LA HISTORIA Y LOS ULTRAS. Rafael Dávila Álvarez

Cada día aparece más evidente el Pacto de la izquierda para cambiar el rumbo de España. El que no pudieron lograr con el <<Pacto de San Sebastián>> y cuyas consecuencias fueron la expulsión de la Corona sin argumentos legales que lo sostuviese y, lo más grave, una guerra civil.

Cambiar los hechos en contra de la verdad histórica, tal y como se desarrollaron, es mentir o, dicho de otra manera, ejercer de Inquisición y  regresar al punto de partida.

Cualquier análisis de la actual situación habla por sí solo, por lo que no hay que dar muchas explicaciones sino estar atentos y leer, leer mucho para que no te engañen.

El Centenario de la Legión está íntimamente ligado a dos figuras sin las cuales esa Unidad no se entiende.

Una, como fundador, organizador a la vez que irresistible líder, imagen viva de la guerra, de las  heridas de guerra, de la proximidad a la muerte y ejemplo de combatientes guerreros: José Millán Astray.

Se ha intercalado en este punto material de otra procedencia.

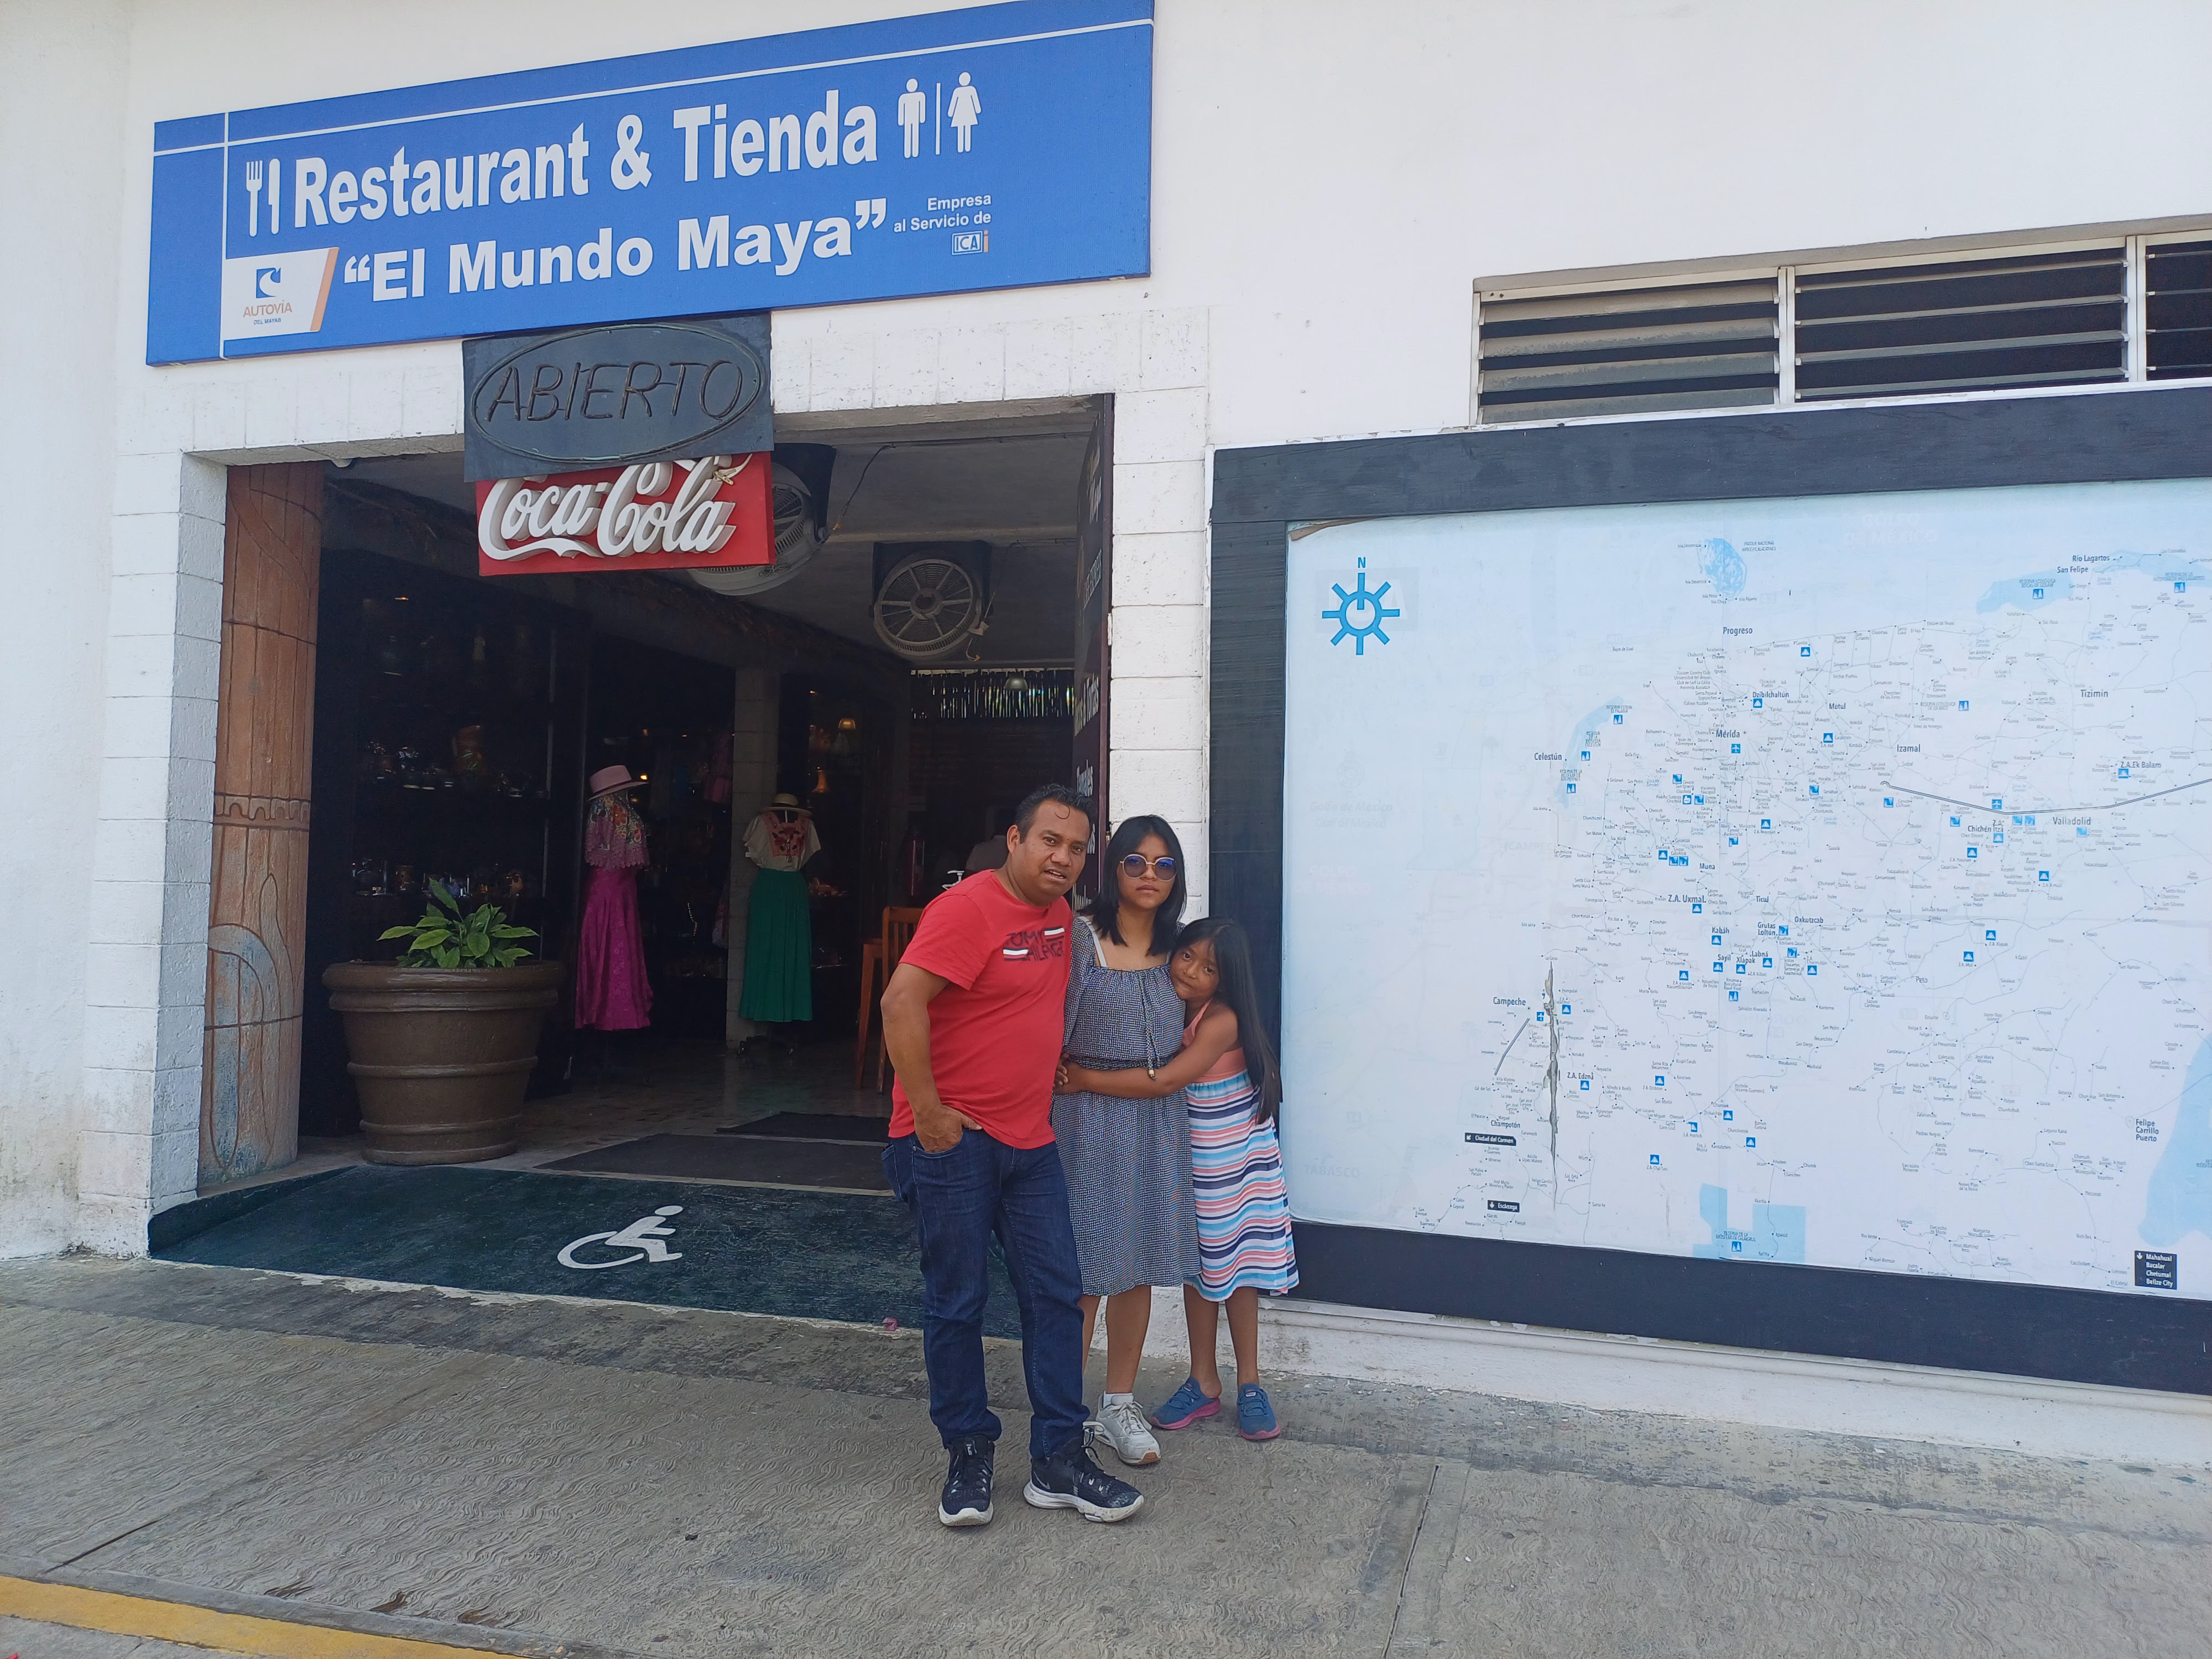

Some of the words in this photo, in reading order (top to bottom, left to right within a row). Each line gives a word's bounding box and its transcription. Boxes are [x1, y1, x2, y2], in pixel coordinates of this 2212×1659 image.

La otra la del jefe capaz en el combate, que arrastra a sus soldados con su valor y ejemplo, con su capacidad de adivinar con una mirada al horizonte la disposición a  adoptar y el éxito de la maniobra: Francisco Franco Bahamonde.

Esto es historia. Detrás de ellos vinieron otros. El teniente coronel Valenzuela destaca al morir heroicamente al frente de sus legionarios. El único jefe que alcanza la gloria de culminar su mando con el ejemplo del ímpetu legionario que le lleva a la victoria y a la muerte.

Luego hemos llegado otros, así hasta 35, que hemos hecho lo que mejor sabíamos sin olvidar el legado histórico que nos precedía y el culto que debíamos a nuestros ritos y tradiciones.

Se ven inequívocas señales de que el Centenario se diluye y alguno (s) se frota las manos al no tener que pasar por el mal  trago de la historia o tener que dar absurdas órdenes que la modifiquen.

Porque últimamente cada vez que se habla de historia de España surge el ataque con balas “ultra” de calibre insidioso y penetrante. No matan, peor, sino que se instalan en las conciencias con efectos devastadores y hereditarios: la mentira.

La definición de ultra es tan ambigua como la de facha. Pregunten. Más clara la de rojo. Así se repueblan los campos y conciencias de España. Pretenden de nuevo <<el Pacto>> y para ello nada más que reducir el pensamiento a ultras, fachas y rojos, cuando pocos están a esa triste clasificación que nada tiene que ver con la realidad de España.

La realidad es que hoy, 31 de julio de 2020, España se encuentra inmersa en una crisis sin precedentes que no ha hecho sino empezar y en la que sus dirigentes en vez de unir fuerzas y formar un frente unido y sólido, nos ofrecen todo lo contrario. El insulto y la confrontación, la amenaza y el abuso de poder. Nunca desde la llegada de la democracia hemos recibido un ataque tan brutal a las libertades individuales.

Lejos de mantenernos unidos en la lucha solo se vislumbran dos alternativas.

En una están los que quieren editar el Pacto, que consiste en perpetuar su personal sistema democrático con el pensamiento único y la economía de guerra y pobreza, los que abanderan la idea del separatismo o proceden del terrorismo etarra, los comunistas, que nunca fallan, los que asumen cualquier cosa con tal de que España desaparezca en el tumulto, mientras la Corona vuelve a salir por Cartagena. Los que ya han dinamitado la Constitución al romper con lo que ordena: la separación de poderes.

Por el otro lado los que debieran ser alternativa y freno a esta situación se dispersan, son fruto de divisiones provocadas por luchas internas, por el poder; voces que claman en el desierto. Divididos; les vencerán.

¿Quién está detrás de todo esto? ¿Quién ha empezado todo?

Larga historia. La que duele. La de los que no admiten haber sido derrotados. La del miedo. La cobardía.

Detrás, sobre todo, está un rebaño que bala. Solo eso: balar.

Tengan feliz verano si en esto consiste su felicidad. Yo me dispongo a pasar calor y preocupación. Aquí nada importa y no echemos la culpa de nada a nadie. Ustedes, como yo, votan, así que a disfrutar del voto. En Doñana o en Villa Vergüenza, pero sepa el presidente votado que no tiene derecho a nada mientras España se muera de virus y de paro por su nefasta gestión y la de su Gobierno. Trabaje y déjese de insultantes vacaciones.

Del Centenario de la Legión nada que contarles; como el Día de la Fiesta Nacional.

Cada vez que se habla de historia de España surge el ataque con balas “ultra” de calibre insidioso y penetrante. No matan sino que se instalan en las conciencias con efectos devastadores y hereditarios: es la mentira.